L’UIPP estimait que ledit article portait une « atteinte excessive à la liberté d’entreprendre protégée par la déclaration des droits de l’homme et du citoyen de 1789 ». Pour le syndicat, qui regroupe dix-neuf entreprises, dont certaines sont à la fois productrices de pesticides et de semences, l’interdiction aura « un effet sanitaire nul » dans la mesure où elle est limitée à la France et n’empêchera donc pas les exportations depuis d’autres pays. Elle introduit en revanche une « distorsion de concurrence » en défaveur des entreprises implantées sur le territoire national.
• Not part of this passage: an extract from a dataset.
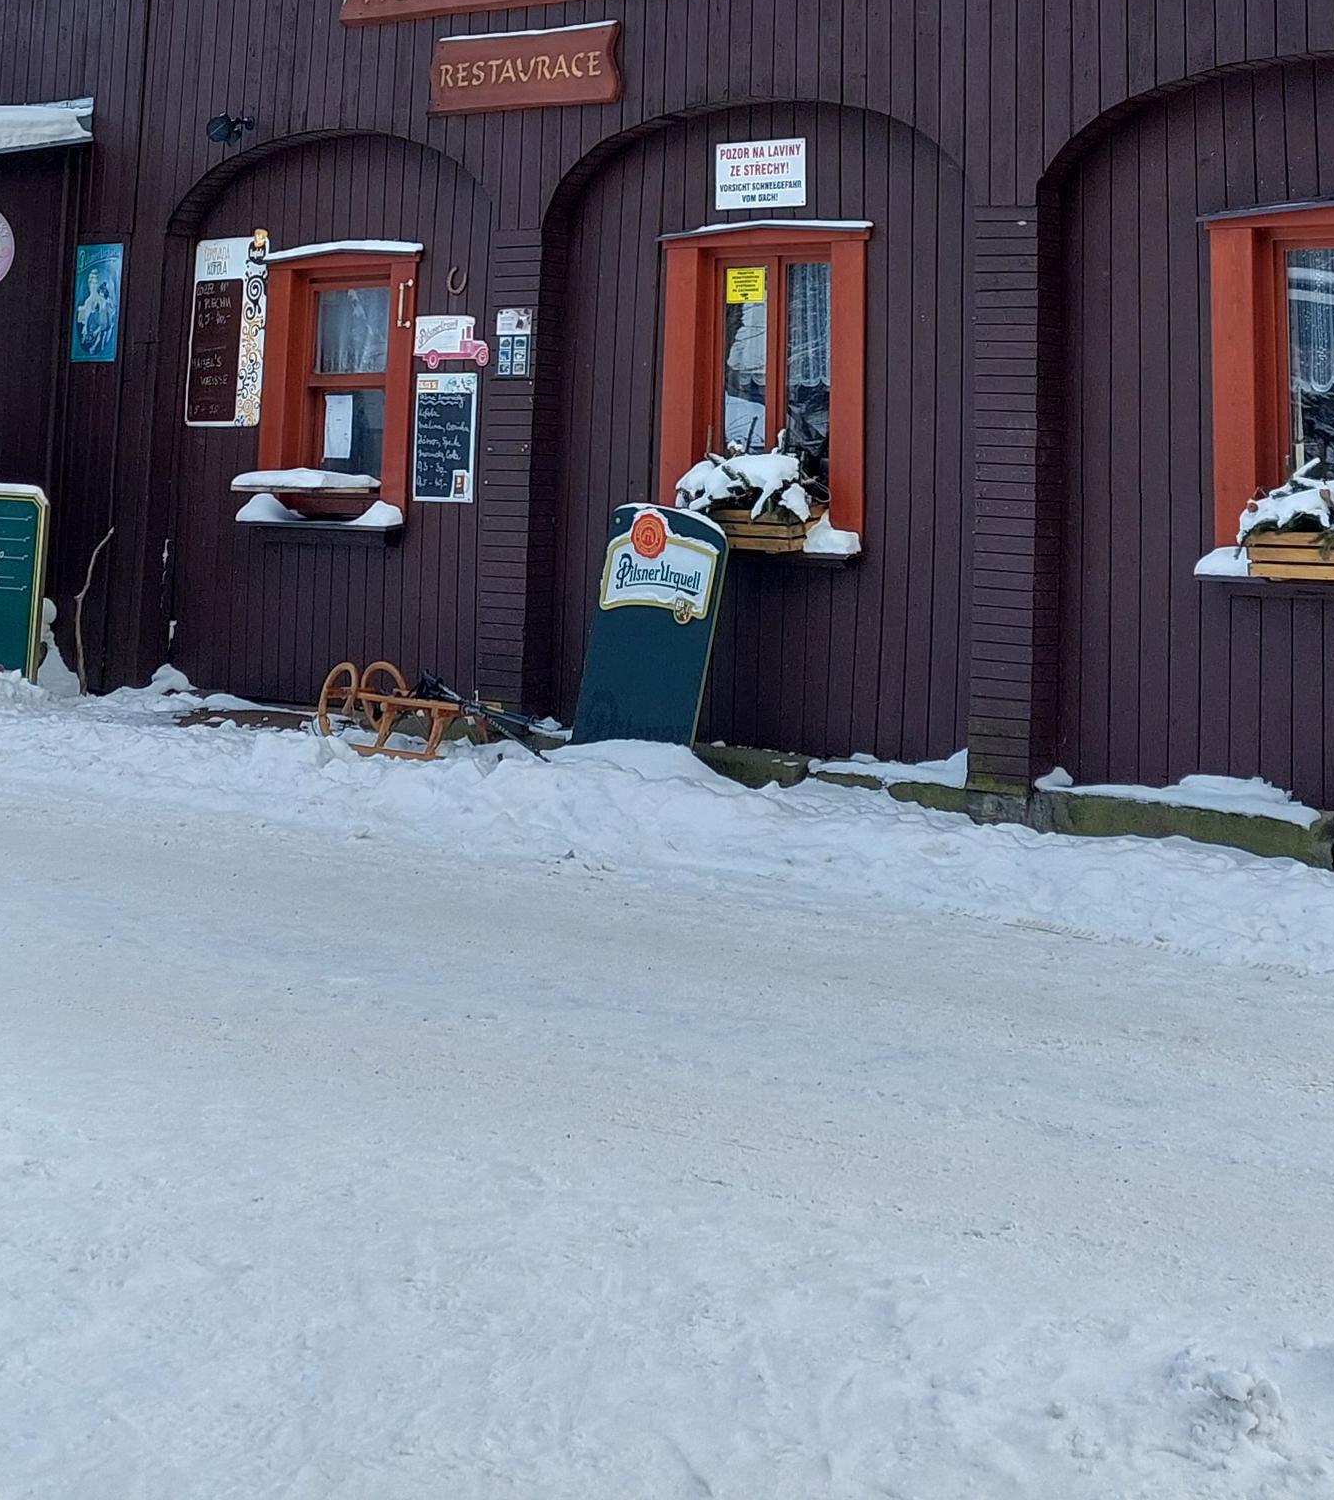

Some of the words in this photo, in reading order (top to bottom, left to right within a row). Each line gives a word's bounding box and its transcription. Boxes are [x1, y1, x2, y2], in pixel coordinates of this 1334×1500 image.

Le Conseil constitutionnel n’a pas été convaincu par les arguments de l’UIPP. Les « Sages » ont estimé que l’article 83 était « conforme » à la Constitution. Ce jugement ouvre la voie à la fin d’une pratique (« exposer la population d’autres pays à des pesticides extrêmement dangereux dont l’utilisation n’est plus permise dans les pays industrialisés ») dénoncée par l’Organisation des Nations unies dans son rapport 2017 sur le droit à l’alimentation comme « une violation des droits de l’homme ».
Surtout, pour la première fois, le Conseil constitutionnel estime qu’« il appartient au législateur d’assurer la conciliation des objectifs de valeur constitutionnelle de protection de l’environnement et de protection de la santé avec l’exercice de la liberté d’entreprendre. À ce titre, le législateur est fondé à tenir compte des effets que les activités exercées en France peuvent porter à l’environnement à l’étranger ».
Ses membres jugent ainsi que par « l’atteinte portée à la liberté d’entreprendre » via cette interdiction, « le législateur a entendu faire obstacle à ce que des entreprises établies en France participent à la vente de tels produits partout dans le monde et donc, indirectement, aux atteintes qui peuvent en résulter pour la santé humaine et l’environnement ».